I know these celebrities aren't going to be the faces of fat liberation. All will almost certainly lose the weight that is expected of them by whatever means necessary and employing enormous resources that bare no resemblance to how most people live their lives. Still, in a very real way, these are who fat liberation is fighting for. We're fighting for a world where people aren't just arguing over how to best hate and discourage fat people. We're fighting for a world where someone's weight is not a condition of social acceptance. We're fighting for a world where people aren't pilloried if their body happens to change and find itself at a larger size. We're not okay with people discussing fatness so as anyway you look at it, we're wrong. We're not participating in that mindset and culture at all. We're demanding something else.

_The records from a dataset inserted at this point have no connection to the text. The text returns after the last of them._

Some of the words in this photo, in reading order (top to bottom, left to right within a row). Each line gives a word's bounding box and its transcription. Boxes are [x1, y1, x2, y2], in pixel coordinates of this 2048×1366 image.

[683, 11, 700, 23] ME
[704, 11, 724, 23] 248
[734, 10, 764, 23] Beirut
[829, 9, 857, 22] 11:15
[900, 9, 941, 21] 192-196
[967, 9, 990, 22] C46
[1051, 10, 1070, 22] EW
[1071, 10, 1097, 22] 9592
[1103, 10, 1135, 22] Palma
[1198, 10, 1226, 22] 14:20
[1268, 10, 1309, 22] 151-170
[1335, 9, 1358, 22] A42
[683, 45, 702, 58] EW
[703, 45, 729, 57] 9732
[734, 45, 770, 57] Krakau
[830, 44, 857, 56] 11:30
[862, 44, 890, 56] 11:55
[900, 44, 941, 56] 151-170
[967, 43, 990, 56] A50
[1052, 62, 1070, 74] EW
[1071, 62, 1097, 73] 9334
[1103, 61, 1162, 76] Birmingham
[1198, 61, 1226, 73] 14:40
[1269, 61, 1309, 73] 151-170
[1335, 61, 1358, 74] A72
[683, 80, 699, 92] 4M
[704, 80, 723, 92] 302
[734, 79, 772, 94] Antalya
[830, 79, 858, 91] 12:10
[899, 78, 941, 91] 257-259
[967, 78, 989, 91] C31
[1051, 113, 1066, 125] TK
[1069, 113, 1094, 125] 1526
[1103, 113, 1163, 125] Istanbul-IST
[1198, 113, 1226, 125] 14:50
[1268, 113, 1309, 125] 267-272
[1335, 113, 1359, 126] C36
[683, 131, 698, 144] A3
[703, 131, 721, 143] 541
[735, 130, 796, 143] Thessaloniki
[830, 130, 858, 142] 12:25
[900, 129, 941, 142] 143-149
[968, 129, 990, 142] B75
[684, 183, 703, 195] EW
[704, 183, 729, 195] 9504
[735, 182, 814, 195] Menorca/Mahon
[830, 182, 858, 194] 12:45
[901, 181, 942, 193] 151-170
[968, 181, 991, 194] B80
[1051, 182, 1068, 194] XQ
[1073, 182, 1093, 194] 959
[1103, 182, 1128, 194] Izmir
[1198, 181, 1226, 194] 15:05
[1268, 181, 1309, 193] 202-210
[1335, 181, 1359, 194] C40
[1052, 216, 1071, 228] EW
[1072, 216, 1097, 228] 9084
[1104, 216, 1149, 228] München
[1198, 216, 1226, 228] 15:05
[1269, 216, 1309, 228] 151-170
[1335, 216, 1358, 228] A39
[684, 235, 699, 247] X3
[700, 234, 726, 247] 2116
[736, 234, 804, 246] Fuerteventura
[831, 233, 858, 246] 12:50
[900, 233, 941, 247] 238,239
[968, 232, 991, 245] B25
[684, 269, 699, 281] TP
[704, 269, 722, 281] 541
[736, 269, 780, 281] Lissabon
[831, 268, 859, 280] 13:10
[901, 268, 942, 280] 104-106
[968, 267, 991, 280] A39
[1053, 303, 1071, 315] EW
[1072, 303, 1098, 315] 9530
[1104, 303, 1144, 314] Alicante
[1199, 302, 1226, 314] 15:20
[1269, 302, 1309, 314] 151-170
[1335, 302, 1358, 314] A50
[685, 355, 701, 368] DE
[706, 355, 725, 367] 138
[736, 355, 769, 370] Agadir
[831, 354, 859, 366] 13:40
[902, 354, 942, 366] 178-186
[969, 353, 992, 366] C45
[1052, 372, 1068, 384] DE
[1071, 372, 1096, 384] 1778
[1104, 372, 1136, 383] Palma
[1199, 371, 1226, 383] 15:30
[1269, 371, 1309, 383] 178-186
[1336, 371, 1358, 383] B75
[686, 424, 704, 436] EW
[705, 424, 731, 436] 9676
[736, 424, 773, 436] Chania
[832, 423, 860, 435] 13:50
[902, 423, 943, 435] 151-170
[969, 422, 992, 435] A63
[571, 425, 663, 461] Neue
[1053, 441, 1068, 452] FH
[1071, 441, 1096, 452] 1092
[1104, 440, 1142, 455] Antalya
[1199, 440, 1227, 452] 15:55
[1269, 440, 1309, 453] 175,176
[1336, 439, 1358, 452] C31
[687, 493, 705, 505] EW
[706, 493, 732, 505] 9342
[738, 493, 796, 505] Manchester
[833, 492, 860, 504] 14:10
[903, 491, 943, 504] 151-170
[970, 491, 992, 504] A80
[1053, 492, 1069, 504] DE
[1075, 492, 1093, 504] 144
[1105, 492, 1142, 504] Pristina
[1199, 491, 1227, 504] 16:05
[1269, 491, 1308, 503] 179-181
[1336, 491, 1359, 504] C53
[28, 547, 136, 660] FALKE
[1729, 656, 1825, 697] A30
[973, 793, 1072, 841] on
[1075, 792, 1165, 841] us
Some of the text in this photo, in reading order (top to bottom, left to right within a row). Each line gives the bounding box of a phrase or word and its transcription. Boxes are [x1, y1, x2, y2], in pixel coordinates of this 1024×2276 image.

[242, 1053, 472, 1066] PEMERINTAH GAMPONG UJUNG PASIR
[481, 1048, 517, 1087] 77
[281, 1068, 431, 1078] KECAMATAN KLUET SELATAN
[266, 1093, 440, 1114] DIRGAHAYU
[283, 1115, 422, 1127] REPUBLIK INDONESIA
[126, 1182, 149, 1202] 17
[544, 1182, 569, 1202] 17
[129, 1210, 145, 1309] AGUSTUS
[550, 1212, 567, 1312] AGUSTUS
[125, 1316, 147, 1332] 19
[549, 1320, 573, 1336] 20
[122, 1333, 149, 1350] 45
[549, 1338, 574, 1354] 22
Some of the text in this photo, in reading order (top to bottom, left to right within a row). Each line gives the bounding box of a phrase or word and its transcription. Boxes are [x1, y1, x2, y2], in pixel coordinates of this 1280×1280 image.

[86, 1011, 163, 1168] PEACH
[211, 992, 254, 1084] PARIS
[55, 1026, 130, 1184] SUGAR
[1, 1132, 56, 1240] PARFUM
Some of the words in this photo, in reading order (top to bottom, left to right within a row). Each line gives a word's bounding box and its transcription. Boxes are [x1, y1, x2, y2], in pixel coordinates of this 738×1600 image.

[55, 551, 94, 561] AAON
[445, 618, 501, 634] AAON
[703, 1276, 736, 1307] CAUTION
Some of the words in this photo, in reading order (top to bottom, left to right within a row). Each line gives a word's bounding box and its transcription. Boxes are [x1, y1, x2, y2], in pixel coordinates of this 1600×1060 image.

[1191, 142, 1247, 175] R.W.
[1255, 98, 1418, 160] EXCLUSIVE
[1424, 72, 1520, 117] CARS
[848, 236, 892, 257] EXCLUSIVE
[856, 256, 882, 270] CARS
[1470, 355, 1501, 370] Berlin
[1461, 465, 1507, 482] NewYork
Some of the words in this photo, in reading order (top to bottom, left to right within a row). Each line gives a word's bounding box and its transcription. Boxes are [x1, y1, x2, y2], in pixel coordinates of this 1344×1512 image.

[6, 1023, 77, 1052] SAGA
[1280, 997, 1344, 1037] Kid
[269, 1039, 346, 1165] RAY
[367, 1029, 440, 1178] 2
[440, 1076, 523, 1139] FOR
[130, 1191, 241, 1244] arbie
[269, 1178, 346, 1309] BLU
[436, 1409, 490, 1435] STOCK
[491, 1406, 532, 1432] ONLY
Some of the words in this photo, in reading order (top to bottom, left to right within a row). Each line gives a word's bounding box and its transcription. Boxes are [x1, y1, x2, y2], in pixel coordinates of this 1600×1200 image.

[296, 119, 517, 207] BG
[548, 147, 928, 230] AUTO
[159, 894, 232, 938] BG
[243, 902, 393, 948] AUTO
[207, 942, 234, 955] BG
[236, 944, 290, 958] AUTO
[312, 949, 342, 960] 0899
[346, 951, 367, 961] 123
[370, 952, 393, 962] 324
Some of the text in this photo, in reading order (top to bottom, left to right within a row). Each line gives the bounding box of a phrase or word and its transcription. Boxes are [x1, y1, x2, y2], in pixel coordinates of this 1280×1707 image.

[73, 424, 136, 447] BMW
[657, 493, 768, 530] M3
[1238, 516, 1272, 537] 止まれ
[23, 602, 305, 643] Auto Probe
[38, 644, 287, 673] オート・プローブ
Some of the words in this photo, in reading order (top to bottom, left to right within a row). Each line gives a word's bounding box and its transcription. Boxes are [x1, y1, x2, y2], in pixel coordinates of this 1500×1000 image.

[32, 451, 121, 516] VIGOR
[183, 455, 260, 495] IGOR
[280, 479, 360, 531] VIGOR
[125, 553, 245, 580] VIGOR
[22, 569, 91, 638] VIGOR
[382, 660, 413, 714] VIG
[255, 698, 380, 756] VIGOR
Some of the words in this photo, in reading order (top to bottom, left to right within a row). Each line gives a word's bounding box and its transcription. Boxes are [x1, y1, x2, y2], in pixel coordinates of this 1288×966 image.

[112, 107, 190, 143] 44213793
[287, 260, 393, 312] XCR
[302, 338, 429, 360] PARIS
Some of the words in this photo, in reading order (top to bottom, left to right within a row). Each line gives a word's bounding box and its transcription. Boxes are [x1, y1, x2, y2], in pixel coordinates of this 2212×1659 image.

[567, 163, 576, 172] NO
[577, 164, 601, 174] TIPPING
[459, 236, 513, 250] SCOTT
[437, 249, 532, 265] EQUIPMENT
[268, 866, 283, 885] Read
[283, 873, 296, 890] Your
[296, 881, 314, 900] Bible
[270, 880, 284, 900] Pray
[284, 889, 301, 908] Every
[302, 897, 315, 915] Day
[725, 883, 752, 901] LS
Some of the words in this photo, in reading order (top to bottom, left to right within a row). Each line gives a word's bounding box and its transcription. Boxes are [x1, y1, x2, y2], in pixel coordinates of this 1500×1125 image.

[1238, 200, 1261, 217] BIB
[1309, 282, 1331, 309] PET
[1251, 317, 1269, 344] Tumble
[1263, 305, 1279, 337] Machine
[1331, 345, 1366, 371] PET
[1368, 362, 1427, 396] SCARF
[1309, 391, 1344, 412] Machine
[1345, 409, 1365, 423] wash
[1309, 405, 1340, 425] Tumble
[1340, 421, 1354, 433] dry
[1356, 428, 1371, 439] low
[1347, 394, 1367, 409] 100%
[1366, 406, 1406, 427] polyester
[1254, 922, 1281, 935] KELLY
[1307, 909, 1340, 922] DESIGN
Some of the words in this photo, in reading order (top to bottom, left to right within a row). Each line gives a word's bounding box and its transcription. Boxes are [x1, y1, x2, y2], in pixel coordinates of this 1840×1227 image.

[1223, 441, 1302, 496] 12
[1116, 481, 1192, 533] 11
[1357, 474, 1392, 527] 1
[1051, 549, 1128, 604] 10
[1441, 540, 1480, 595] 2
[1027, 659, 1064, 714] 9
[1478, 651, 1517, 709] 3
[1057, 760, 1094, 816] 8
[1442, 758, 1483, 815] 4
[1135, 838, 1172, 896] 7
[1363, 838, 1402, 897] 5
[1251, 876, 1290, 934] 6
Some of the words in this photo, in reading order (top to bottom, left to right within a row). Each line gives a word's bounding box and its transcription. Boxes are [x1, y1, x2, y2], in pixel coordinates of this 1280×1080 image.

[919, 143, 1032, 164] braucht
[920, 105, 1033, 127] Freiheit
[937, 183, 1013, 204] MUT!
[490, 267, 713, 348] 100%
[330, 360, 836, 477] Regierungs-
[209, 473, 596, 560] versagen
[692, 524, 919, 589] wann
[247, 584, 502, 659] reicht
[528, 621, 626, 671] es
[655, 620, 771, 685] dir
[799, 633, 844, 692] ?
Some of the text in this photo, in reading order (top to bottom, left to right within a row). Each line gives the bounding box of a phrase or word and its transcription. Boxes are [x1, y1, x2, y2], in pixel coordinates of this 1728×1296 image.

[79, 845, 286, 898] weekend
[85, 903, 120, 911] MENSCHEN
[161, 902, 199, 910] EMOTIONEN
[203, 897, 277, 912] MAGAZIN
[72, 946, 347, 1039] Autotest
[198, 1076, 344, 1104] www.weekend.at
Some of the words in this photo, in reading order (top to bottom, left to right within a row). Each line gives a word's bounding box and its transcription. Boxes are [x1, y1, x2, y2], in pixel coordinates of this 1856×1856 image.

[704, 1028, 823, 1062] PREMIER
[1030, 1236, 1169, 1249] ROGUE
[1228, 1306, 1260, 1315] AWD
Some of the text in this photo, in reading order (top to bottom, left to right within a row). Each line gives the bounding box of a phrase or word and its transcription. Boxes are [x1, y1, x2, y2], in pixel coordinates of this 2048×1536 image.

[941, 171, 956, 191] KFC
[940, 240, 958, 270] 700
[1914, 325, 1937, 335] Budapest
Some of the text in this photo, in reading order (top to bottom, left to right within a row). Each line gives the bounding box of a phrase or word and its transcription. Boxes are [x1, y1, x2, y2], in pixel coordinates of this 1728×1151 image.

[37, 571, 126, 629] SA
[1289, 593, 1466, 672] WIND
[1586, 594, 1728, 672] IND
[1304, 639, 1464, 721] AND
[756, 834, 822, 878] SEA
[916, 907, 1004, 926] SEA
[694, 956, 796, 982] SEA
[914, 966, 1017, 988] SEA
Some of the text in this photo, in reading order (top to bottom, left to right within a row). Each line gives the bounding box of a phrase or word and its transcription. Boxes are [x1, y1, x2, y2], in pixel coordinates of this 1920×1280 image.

Not just for the fat people who've gotten to the place where we can stand nothing else, but for us all. We deserve better. Every last one of us.

4 comments:

Brian said...

It occured to me while discussing the CDC's collaboration in fat shaming with HBO, that there really isn't much different from what they do and what the gossip sites do. They appropriate fat bodies for the solemn hand wringing of the fat celeb defenders I describe, but their intent isn't that much removed from the people snidely mocking those fat celebs. I'll need to expand on that in a later post.

Regina T said...

How about expanding on the fact that most commenters/ fat- haters/ concern trolls who happen to be " average size" have smugness that is solely based on the genetic cards they were dealt which gives them that false sense of moral superiority? In other words, there are those that actually believe they were better people, with more restraint and self control because they aren't fat. You see it every time some commenter states that at people "just" need to do what "they" do....as if their behaviors somehow hold more stock than their genetic DNA. I know you've touched on this but it's become so out of control and obvious, that fat people can't help but feel morally corrupted by their fat rolls.

Brian said...

Oh, certainly. There is a lot of "born on second base and thought they hit a double" entitlement from fat shamers who aggressively defend the "credit" they get for being thin or average by enforcing fat stigmatization. They are quite invested in feeling like they've done something worthy of praise by just living in their natural bodies.

fatfairy said...

Second what's been said. Also. every woman i ever knew who gave birth was exhausted for months from the birth itself, no sleep, feeding, et. c and was in no condition to worry about frivolous trifles like her weight and figure.
My mother had a rather funny piece of folk wisdom about baby weight. She said there was no reason to worry since when the kid is two, you'll lose it all running after her.